Sorting algorithms
Sorting algorithms
- A sort puts a collection into order.
- Two simple ones: bubble sort and insertion sort.
- Both are easy to code but slow ($O(n^2)$) on large lists.
Bubble sort
FOR pass ← 1 TO n - 1
swapped ← FALSE
FOR i ← 1 TO n - pass
IF A[i] > A[i + 1] THEN
swap A[i], A[i + 1]
swapped ← TRUE
NEXT i
IF NOT swapped THEN EXIT FOR // already sorted
NEXT pass
- Repeatedly swaps adjacent out-of-order pairs, so the largest "bubbles" to the end each pass.

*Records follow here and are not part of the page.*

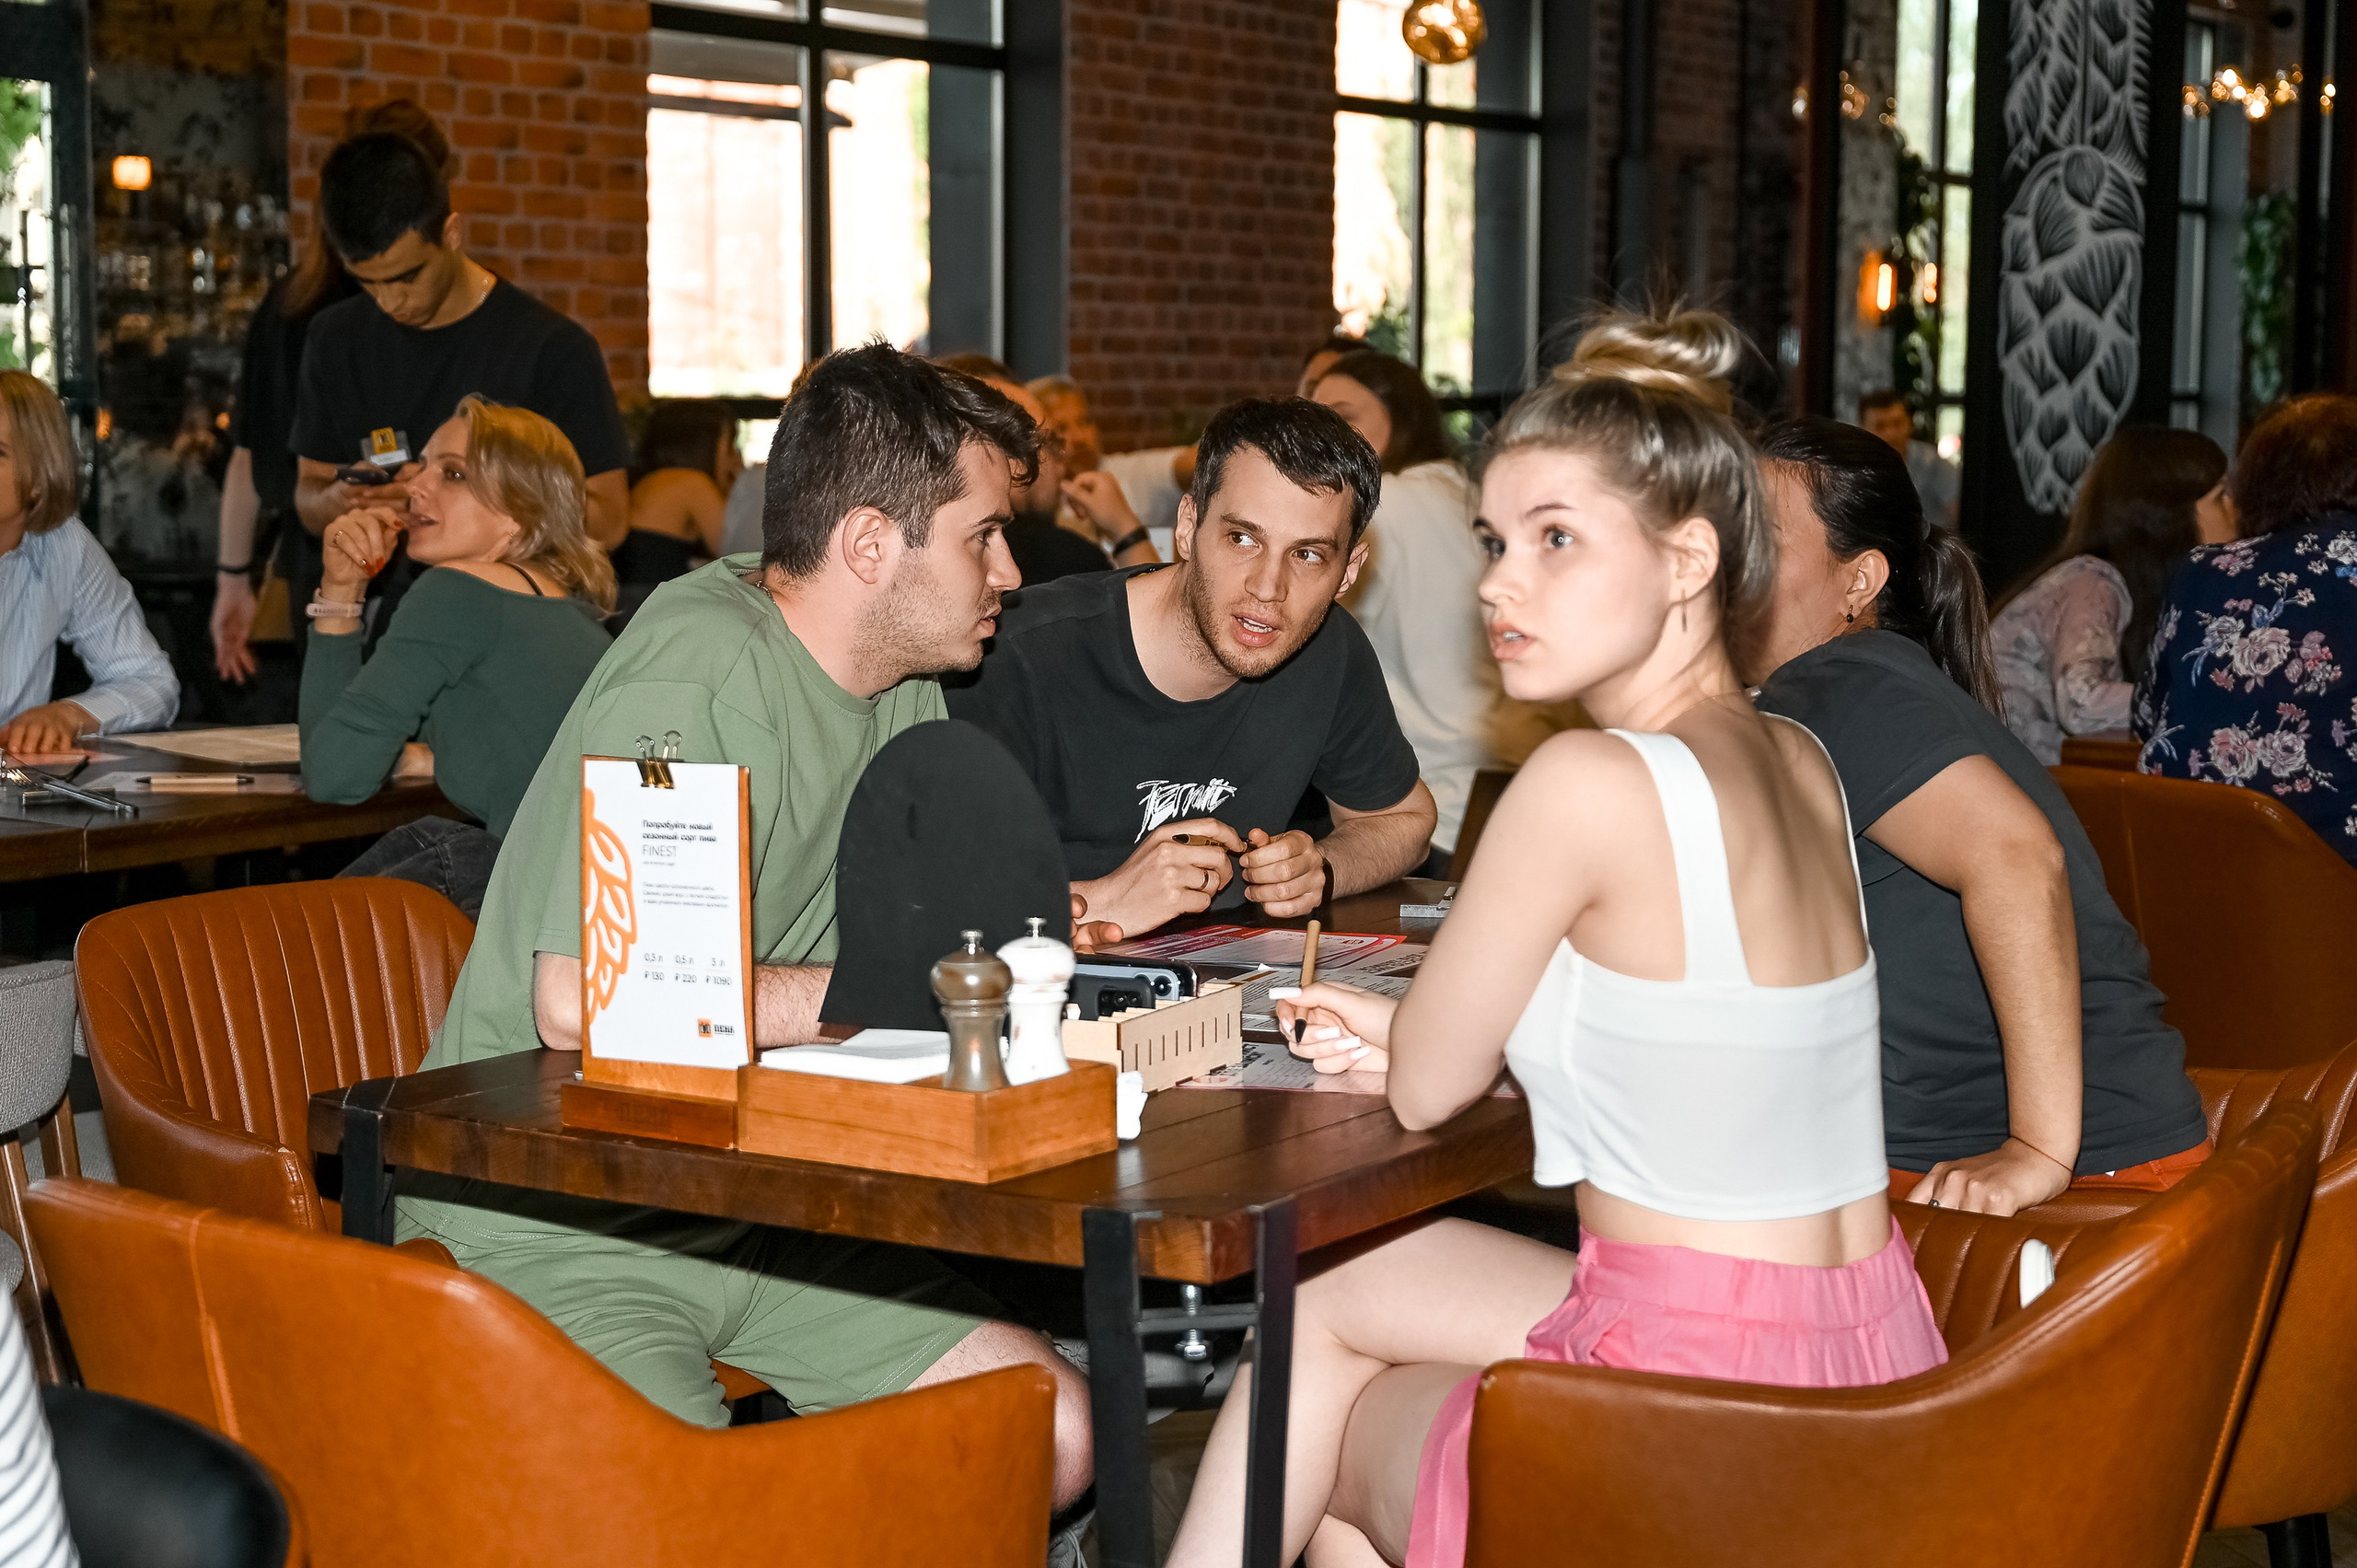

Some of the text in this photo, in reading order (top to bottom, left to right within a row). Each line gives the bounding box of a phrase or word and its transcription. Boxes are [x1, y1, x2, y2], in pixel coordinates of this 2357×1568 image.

[643, 819, 714, 830] Попробуйте новый
[643, 832, 679, 841] сезонный
[680, 834, 696, 842] сорт
[643, 844, 678, 857] FINEST
[644, 952, 656, 963] 0,3
[675, 955, 687, 965] 0,5
[651, 971, 665, 981] 130
[682, 973, 697, 983] 220
[713, 976, 732, 986] 1090
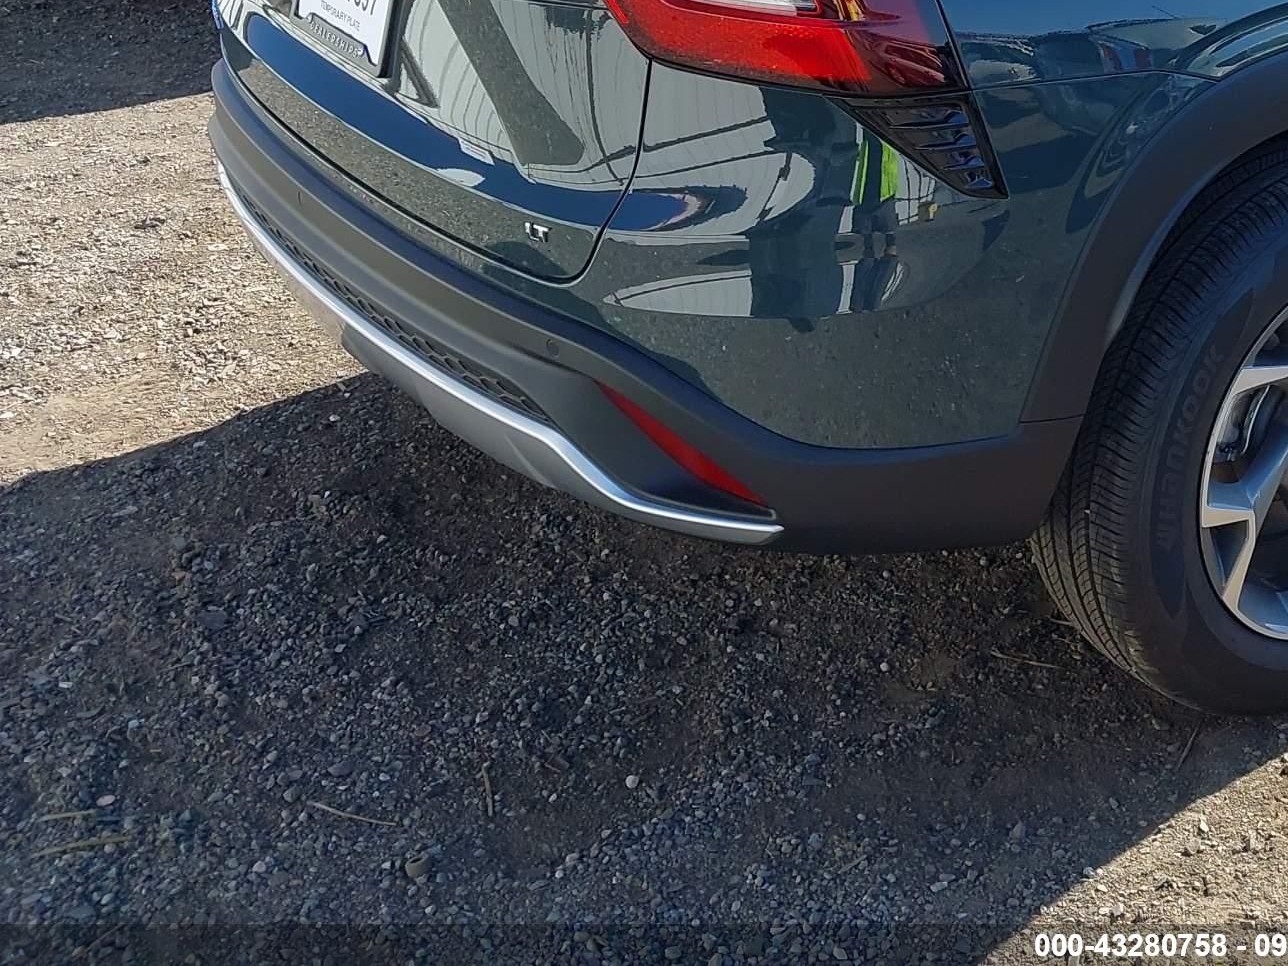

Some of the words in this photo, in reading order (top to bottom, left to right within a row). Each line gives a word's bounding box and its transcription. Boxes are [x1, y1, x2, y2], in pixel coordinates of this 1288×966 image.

[320, 0, 350, 23] TEMPORARY
[347, 17, 361, 33] PLATE
[310, 20, 359, 58] DEALERSHIPS
[524, 222, 551, 243] LT
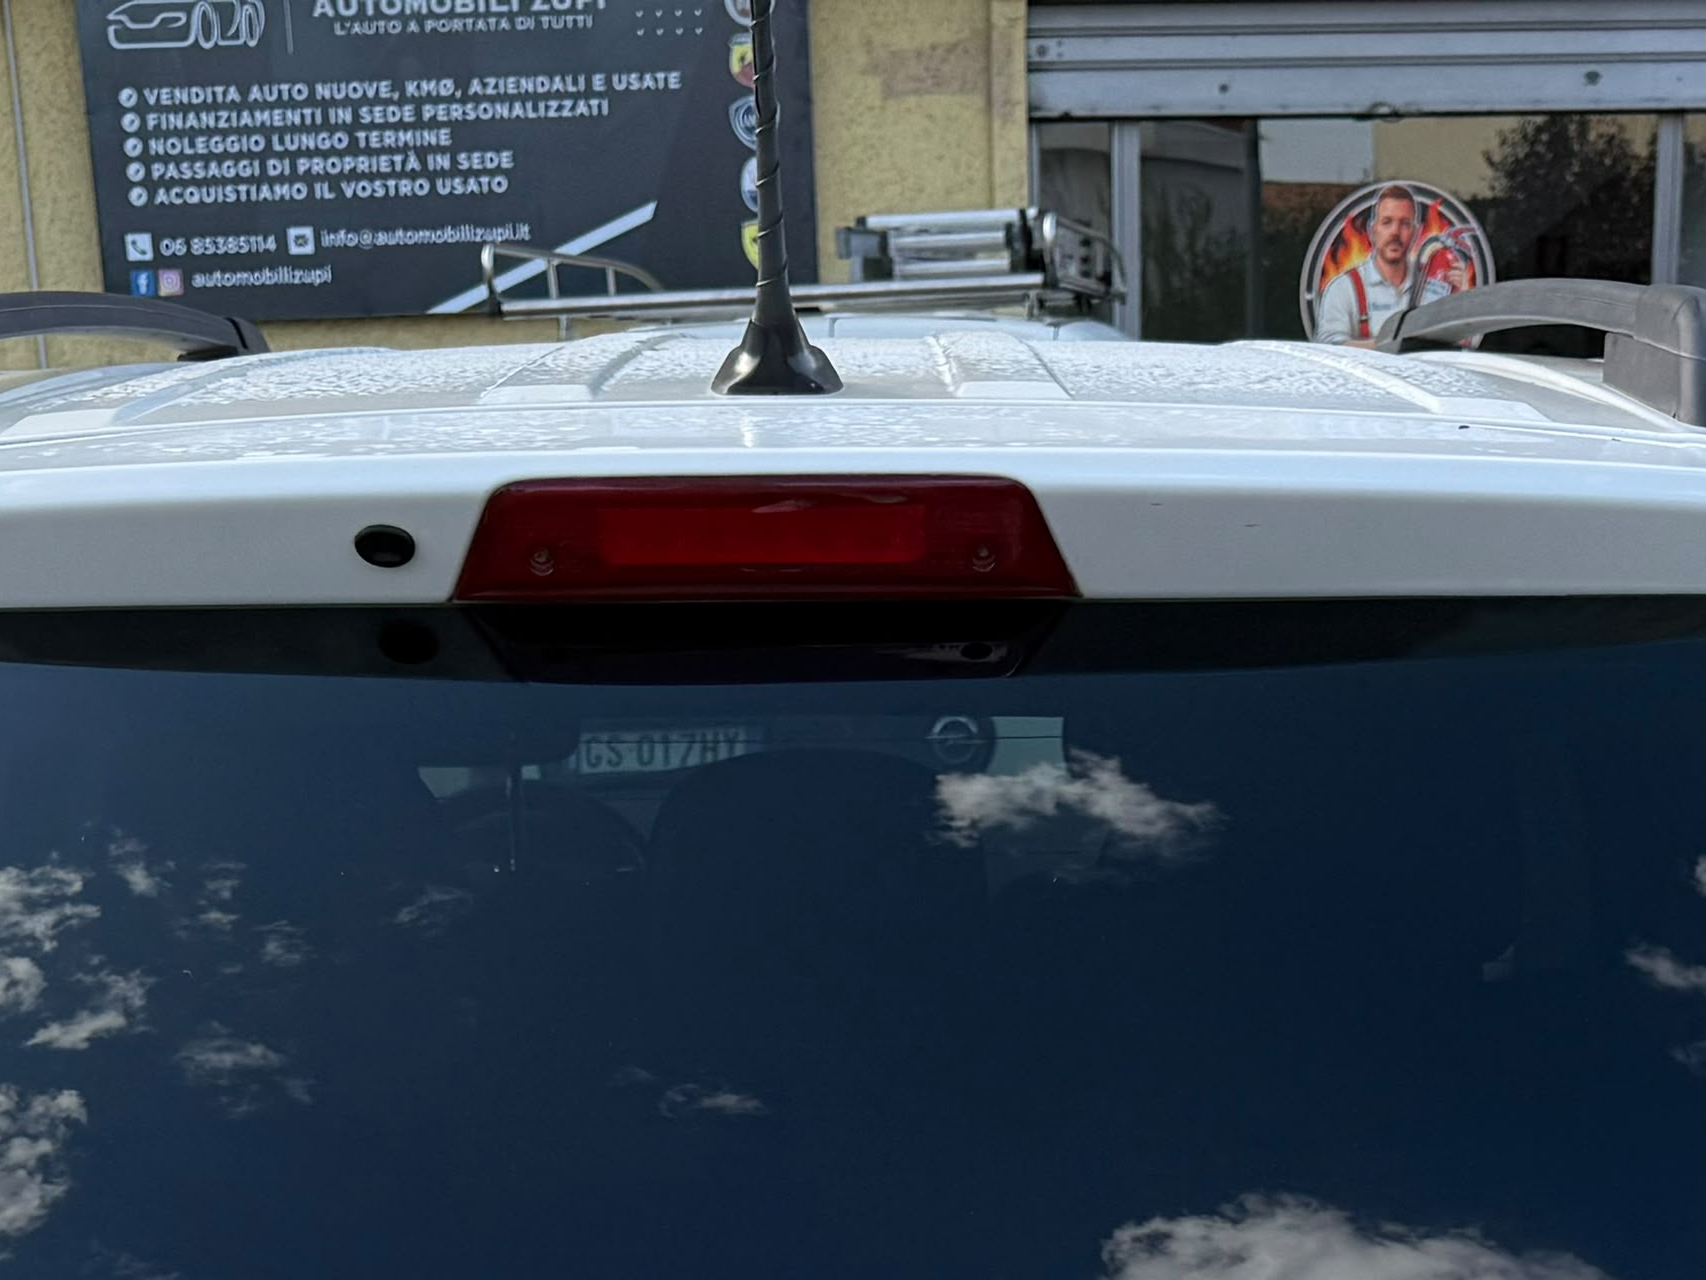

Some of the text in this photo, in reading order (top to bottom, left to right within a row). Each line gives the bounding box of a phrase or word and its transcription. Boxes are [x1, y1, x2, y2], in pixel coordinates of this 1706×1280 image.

[333, 13, 593, 36] L'AUTO A PORTATA DI TUTTI
[143, 84, 241, 106] VENDITA
[247, 82, 309, 103] AUTO
[314, 80, 399, 101] NUOVE,
[467, 74, 586, 96] AZIENDALI
[591, 73, 606, 92] E
[611, 71, 682, 91] USATE
[146, 98, 609, 131] FINANZIAMENTI IN SEDE PERSONALIZZATI
[148, 128, 452, 156] NOLEGGIO LUNGO TERMINE
[150, 150, 515, 180] PASSAGGI DI PROPRIETÀ IN SEDE
[153, 175, 508, 206] ACQUISTIAMO IL VOSTRO USATO
[159, 236, 187, 256] 06
[320, 222, 531, 250] info@automobilizupi.it
[192, 264, 332, 288] automobilizupi

- Best case O($n$) (already sorted, early exit); average/worst O($n^2$).
Practice
Bubble sort works by:
Each pass swaps adjacent pairs, "bubbling" the largest element to the end.
Practice
The average/worst-case time complexity of bubble sort is:
Two nested loops over n elements give O(n²); the best case (already sorted) is O(n) with the early exit.
Insertion sort
FOR i ← 2 TO n
key ← A[i]
j ← i - 1
WHILE j >= 1 AND A[j] > key DO
A[j + 1] ← A[j]
j ← j - 1
ENDWHILE
A[j + 1] ← key
NEXT i
- Builds a sorted prefix from the left, inserting each new element by shifting larger ones right.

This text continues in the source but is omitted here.